[DATA PROVIDED]
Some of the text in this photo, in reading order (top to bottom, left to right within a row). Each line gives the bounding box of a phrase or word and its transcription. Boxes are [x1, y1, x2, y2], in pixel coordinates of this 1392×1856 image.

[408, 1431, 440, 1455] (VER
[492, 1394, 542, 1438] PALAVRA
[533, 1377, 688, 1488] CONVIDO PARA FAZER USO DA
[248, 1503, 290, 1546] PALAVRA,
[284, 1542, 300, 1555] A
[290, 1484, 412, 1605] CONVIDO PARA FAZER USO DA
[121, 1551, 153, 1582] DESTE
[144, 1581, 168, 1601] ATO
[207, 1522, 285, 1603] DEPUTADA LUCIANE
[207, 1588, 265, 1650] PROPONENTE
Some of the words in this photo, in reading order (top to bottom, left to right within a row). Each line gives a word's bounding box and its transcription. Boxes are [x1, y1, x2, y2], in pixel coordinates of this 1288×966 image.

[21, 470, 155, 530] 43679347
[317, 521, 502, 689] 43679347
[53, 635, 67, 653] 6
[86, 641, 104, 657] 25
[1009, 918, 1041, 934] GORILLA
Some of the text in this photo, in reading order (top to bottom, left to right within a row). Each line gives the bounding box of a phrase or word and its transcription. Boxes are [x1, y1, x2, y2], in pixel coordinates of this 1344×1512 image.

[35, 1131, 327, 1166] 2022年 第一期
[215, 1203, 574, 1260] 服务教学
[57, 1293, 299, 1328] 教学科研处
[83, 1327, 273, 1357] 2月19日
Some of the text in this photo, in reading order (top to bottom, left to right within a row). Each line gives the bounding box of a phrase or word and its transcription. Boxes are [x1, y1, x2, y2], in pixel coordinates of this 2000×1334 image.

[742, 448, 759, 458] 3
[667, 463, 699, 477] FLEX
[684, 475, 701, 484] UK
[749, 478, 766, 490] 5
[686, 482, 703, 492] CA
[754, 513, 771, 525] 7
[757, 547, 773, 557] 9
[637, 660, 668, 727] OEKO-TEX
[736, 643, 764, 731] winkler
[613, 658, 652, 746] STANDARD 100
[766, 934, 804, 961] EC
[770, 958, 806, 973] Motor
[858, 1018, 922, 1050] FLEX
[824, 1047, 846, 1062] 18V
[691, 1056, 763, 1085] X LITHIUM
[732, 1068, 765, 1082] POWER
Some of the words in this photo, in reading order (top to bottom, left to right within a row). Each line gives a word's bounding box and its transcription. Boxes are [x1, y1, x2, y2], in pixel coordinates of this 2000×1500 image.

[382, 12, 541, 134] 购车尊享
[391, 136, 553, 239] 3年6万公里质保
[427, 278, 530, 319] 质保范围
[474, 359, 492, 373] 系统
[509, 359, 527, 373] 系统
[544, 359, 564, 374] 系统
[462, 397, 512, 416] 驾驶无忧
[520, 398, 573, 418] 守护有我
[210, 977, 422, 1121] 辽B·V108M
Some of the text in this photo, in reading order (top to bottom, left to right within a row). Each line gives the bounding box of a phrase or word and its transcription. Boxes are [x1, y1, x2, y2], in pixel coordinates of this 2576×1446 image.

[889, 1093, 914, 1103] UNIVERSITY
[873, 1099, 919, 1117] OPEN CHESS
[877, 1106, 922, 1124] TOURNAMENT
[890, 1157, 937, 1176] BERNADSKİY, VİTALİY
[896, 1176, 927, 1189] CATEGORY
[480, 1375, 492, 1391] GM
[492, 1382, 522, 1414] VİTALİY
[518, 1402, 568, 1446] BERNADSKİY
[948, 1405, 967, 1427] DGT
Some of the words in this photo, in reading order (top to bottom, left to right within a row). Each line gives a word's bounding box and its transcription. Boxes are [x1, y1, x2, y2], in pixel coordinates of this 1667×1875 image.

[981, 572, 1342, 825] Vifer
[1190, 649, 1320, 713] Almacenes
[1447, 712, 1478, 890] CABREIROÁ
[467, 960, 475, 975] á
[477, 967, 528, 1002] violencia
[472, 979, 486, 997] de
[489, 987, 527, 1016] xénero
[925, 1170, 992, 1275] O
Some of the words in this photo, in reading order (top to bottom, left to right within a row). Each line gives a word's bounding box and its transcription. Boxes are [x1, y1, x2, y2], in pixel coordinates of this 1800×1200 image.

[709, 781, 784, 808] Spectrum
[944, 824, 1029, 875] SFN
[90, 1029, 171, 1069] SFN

[EXERCISE GOAL]
Output every entry exactly as given.

[ANSWER AREA]
Some of the text in this photo, in reading order (top to bottom, left to right within a row). Each line gives the bounding box of a phrase or word and its transcription. Boxes are [x1, y1, x2, y2], in pixel coordinates of this 1392×1856 image.

[408, 1431, 440, 1455] (VER
[492, 1394, 542, 1438] PALAVRA
[533, 1377, 688, 1488] CONVIDO PARA FAZER USO DA
[248, 1503, 290, 1546] PALAVRA,
[284, 1542, 300, 1555] A
[290, 1484, 412, 1605] CONVIDO PARA FAZER USO DA
[121, 1551, 153, 1582] DESTE
[144, 1581, 168, 1601] ATO
[207, 1522, 285, 1603] DEPUTADA LUCIANE
[207, 1588, 265, 1650] PROPONENTE
Some of the words in this photo, in reading order (top to bottom, left to right within a row). Each line gives a word's bounding box and its transcription. Boxes are [x1, y1, x2, y2], in pixel coordinates of this 1288×966 image.

[21, 470, 155, 530] 43679347
[317, 521, 502, 689] 43679347
[53, 635, 67, 653] 6
[86, 641, 104, 657] 25
[1009, 918, 1041, 934] GORILLA
Some of the text in this photo, in reading order (top to bottom, left to right within a row). Each line gives the bounding box of a phrase or word and its transcription. Boxes are [x1, y1, x2, y2], in pixel coordinates of this 1344×1512 image.

[35, 1131, 327, 1166] 2022年 第一期
[215, 1203, 574, 1260] 服务教学
[57, 1293, 299, 1328] 教学科研处
[83, 1327, 273, 1357] 2月19日
Some of the text in this photo, in reading order (top to bottom, left to right within a row). Each line gives the bounding box of a phrase or word and its transcription. Boxes are [x1, y1, x2, y2], in pixel coordinates of this 2000×1334 image.

[742, 448, 759, 458] 3
[667, 463, 699, 477] FLEX
[684, 475, 701, 484] UK
[749, 478, 766, 490] 5
[686, 482, 703, 492] CA
[754, 513, 771, 525] 7
[757, 547, 773, 557] 9
[637, 660, 668, 727] OEKO-TEX
[736, 643, 764, 731] winkler
[613, 658, 652, 746] STANDARD 100
[766, 934, 804, 961] EC
[770, 958, 806, 973] Motor
[858, 1018, 922, 1050] FLEX
[824, 1047, 846, 1062] 18V
[691, 1056, 763, 1085] X LITHIUM
[732, 1068, 765, 1082] POWER
Some of the words in this photo, in reading order (top to bottom, left to right within a row). Each line gives a word's bounding box and its transcription. Boxes are [x1, y1, x2, y2], in pixel coordinates of this 2000×1500 image.

[382, 12, 541, 134] 购车尊享
[391, 136, 553, 239] 3年6万公里质保
[427, 278, 530, 319] 质保范围
[474, 359, 492, 373] 系统
[509, 359, 527, 373] 系统
[544, 359, 564, 374] 系统
[462, 397, 512, 416] 驾驶无忧
[520, 398, 573, 418] 守护有我
[210, 977, 422, 1121] 辽B·V108M
Some of the text in this photo, in reading order (top to bottom, left to right within a row). Each line gives the bounding box of a phrase or word and its transcription. Boxes are [x1, y1, x2, y2], in pixel coordinates of this 2576×1446 image.

[889, 1093, 914, 1103] UNIVERSITY
[873, 1099, 919, 1117] OPEN CHESS
[877, 1106, 922, 1124] TOURNAMENT
[890, 1157, 937, 1176] BERNADSKİY, VİTALİY
[896, 1176, 927, 1189] CATEGORY
[480, 1375, 492, 1391] GM
[492, 1382, 522, 1414] VİTALİY
[518, 1402, 568, 1446] BERNADSKİY
[948, 1405, 967, 1427] DGT
Some of the words in this photo, in reading order (top to bottom, left to right within a row). Each line gives a word's bounding box and its transcription. Boxes are [x1, y1, x2, y2], in pixel coordinates of this 1667×1875 image.

[981, 572, 1342, 825] Vifer
[1190, 649, 1320, 713] Almacenes
[1447, 712, 1478, 890] CABREIROÁ
[467, 960, 475, 975] á
[477, 967, 528, 1002] violencia
[472, 979, 486, 997] de
[489, 987, 527, 1016] xénero
[925, 1170, 992, 1275] O
Some of the words in this photo, in reading order (top to bottom, left to right within a row). Each line gives a word's bounding box and its transcription. Boxes are [x1, y1, x2, y2], in pixel coordinates of this 1800×1200 image.

[709, 781, 784, 808] Spectrum
[944, 824, 1029, 875] SFN
[90, 1029, 171, 1069] SFN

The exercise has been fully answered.